Megan came over carrying two margaritas, handed one to Blair, sat down next to him.

"So," asked Megan, nodding gently at the open office door, "big day, huh?"

"Yeah," sighed Blair, glancing over at the game. "God, Megan, I'm terrified."

"So would I be in your position," teased Megan, nodding at Jim. "Makes me glad I'm gay."

Blair laughed. "Oh, come on, he's not that bad. His idea, this," added Blair, nudging an eyebrow toward the office.

"Really?" said Megan.

"Mmmmm," answered Blair. "I'm the one dragging my feet. Any word?"
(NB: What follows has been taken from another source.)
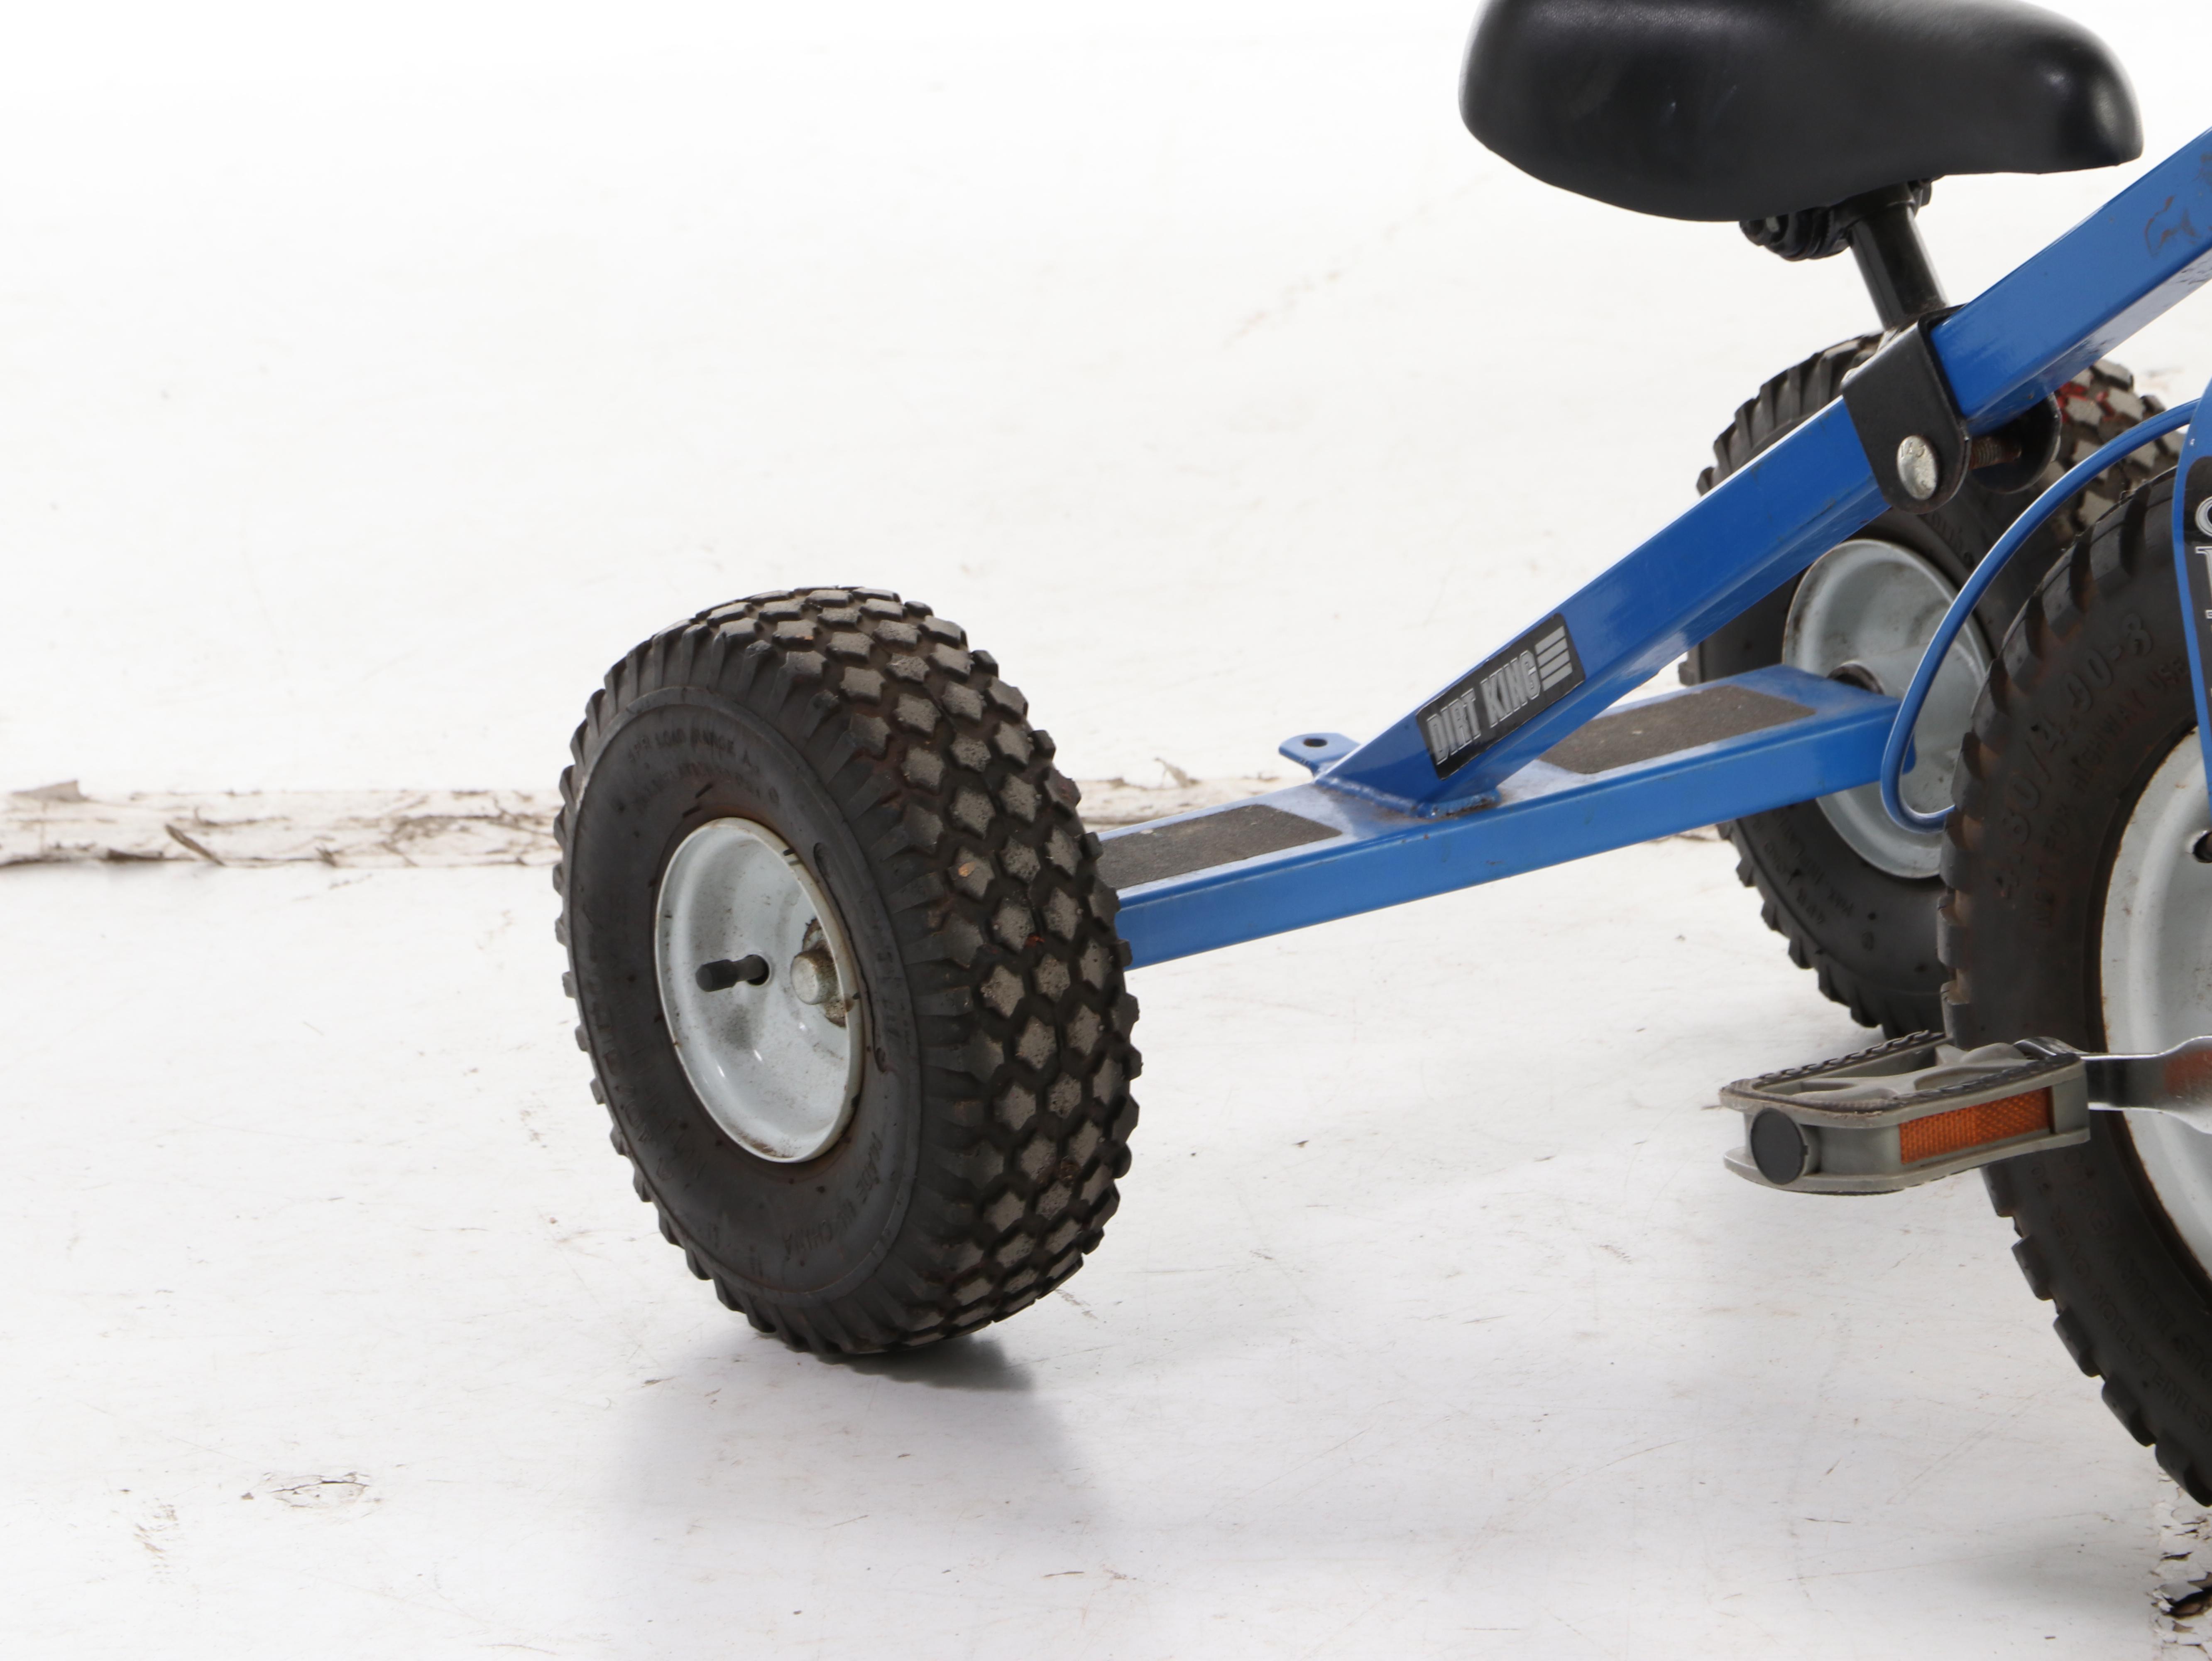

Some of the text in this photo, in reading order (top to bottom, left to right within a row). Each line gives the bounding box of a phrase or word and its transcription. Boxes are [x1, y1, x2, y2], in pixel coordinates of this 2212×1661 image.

"Well, I think they all know, but they don't really talk about it. The overt reason — to protect you guys. They don't want to start a rumor mill." She met Blair's eyes. "You know that you two would be separated?"

"Oh, I know," said Blair.

"Well. The underlying reason? Who knows. Who knows what they really think?"

"Mmmmm. Doesn't much matter," said Blair, sipping his drink. "As long as there's no trouble."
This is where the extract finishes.